Edil, acho que toda a questão da imagem do astrólogo passa pelo entendimento do que é ou seria o Oráculo. A gente pode explicar, desmistificar, mas, em termos gerais, o que vem à mente das pessoas é a imagem do Astrólogo que prevê. "O Senhor dos Destinos". Nostradamus está assim no imaginário popular.
Recentemente, naquele filme chatíssimo (muita filosofia, pouca arte) chamado "Matrix", a imagem do Oráculo foi reatualizada. A Oráculo até serviu bolinhos ao Neo e pergunta: "O vaso teria caído se eu não tivesse te alertado?" ou algo parecido. Enfim, o Oráculo sabe tudo!!!

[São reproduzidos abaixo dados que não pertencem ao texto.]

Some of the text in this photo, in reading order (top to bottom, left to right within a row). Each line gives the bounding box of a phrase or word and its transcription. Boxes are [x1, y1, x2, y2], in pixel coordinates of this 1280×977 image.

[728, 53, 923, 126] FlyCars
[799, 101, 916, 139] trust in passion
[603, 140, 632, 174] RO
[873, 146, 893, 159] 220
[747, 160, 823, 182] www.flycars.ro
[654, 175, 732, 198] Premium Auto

O nosso queridíssimo Raul Seixas, não sei se ajudado por Paulo Coelho, ajudou a firmar a idéia do Astrólogo como Senhor dos Destinos, com aquela música que diz: "Eu sou astrólogo/ conheço a história do princípio ao fim/ eu sou astrólogo/ você precisa acreditar em mim".

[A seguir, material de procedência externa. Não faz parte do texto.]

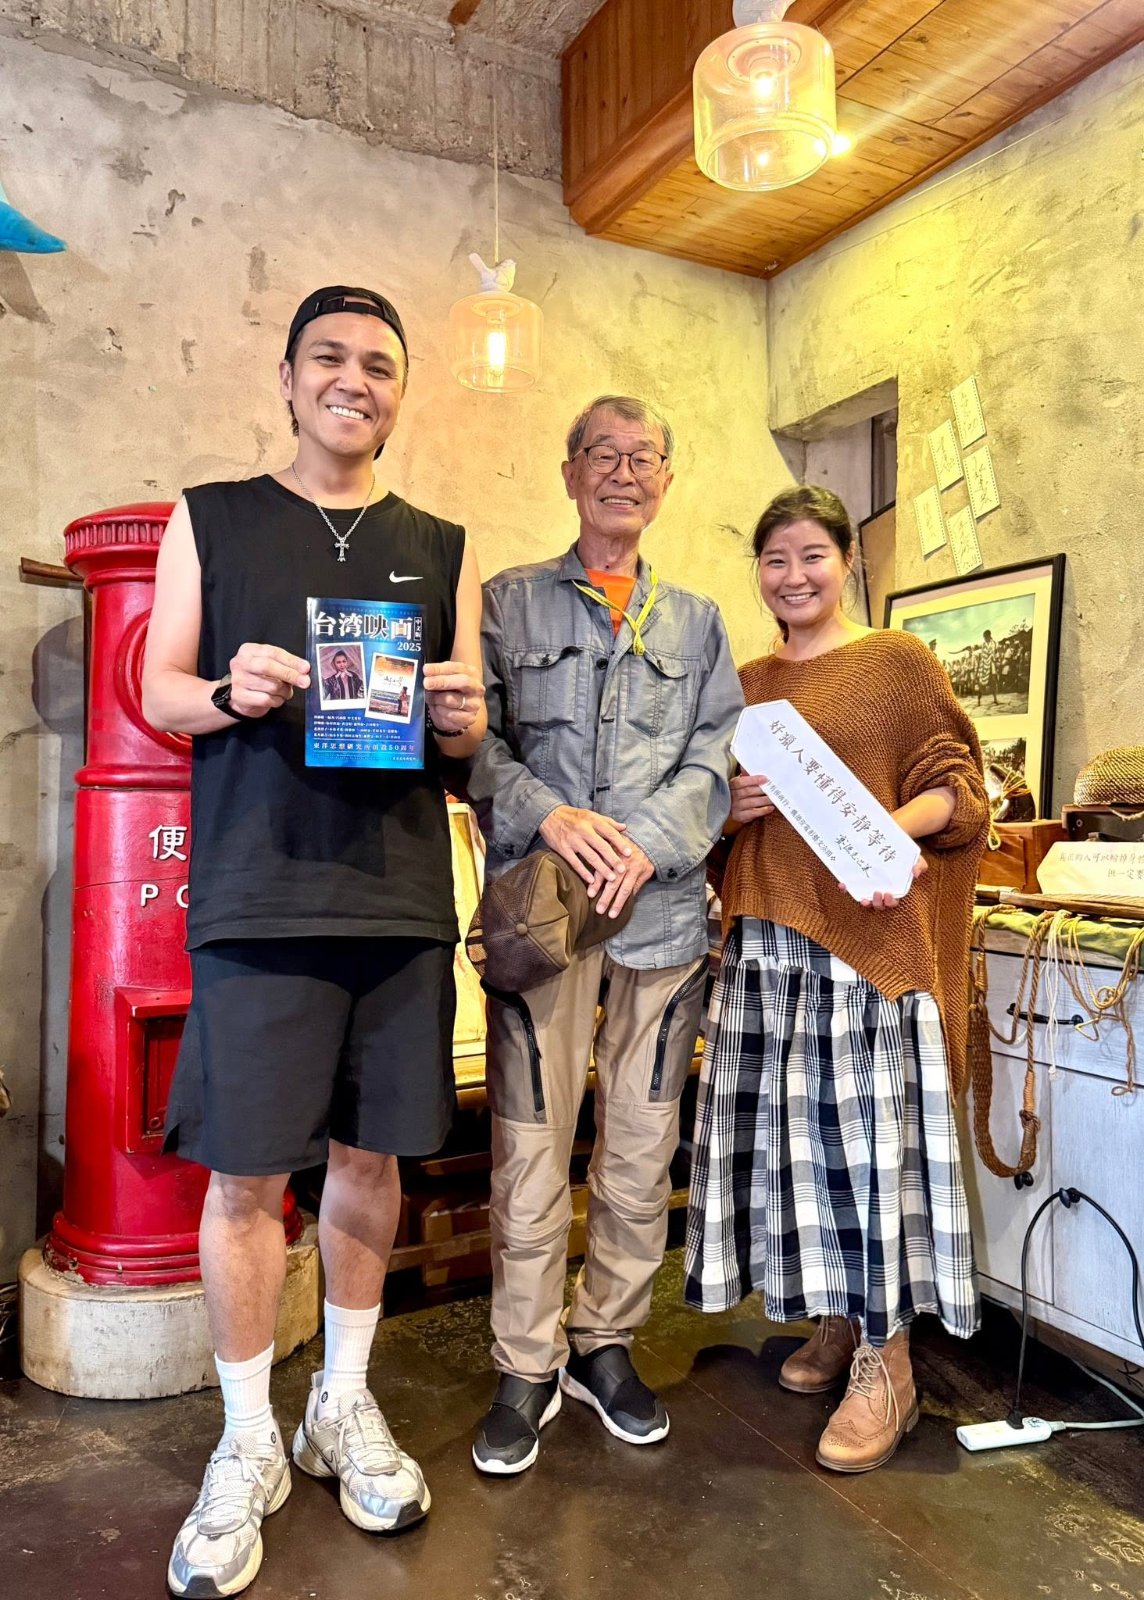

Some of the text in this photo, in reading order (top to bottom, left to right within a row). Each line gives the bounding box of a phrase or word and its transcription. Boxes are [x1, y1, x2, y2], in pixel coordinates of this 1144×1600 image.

[315, 611, 413, 640] 台湾映画
[397, 642, 421, 652] 2025
[769, 720, 897, 863] 好獵人要懂得安靜等待
[149, 824, 187, 861] 便

Em Tristão e Isolda há uma passagem onde o traído procura um astrólogo. E este o orienta como fazer para descobrir a verdade sobre a sua amada. O astrólogo aí é mostrado como dedo-duro. Engraçado, porque a nossa linda Luma de Oliveira, naquele episódio com o bombeiro, ligou para este, segundo as más línguas, do celular do seu astrólogo particular. O astrólogo a dedurou. Isso que dá confiar em astrólogo-bibelô.
Outra imagem aí, forte no imaginário popular, é a do Walter Mercado. Que dispensa comentários. Mas quero fazer apenas um: o Oráculo não vem atrás do consulente. É ao contrário, entende? E ele fazia tudo "errado" com aquele negócio: Ligue Djá! Só há um tipo de oráculo que vai atrás da "vítima": o cigano. Sabe aquela história de cigana pedindo pra ler a mão? Pois é. Por favor, isso não é um insulto ao povo cigano. Apenas uma observação.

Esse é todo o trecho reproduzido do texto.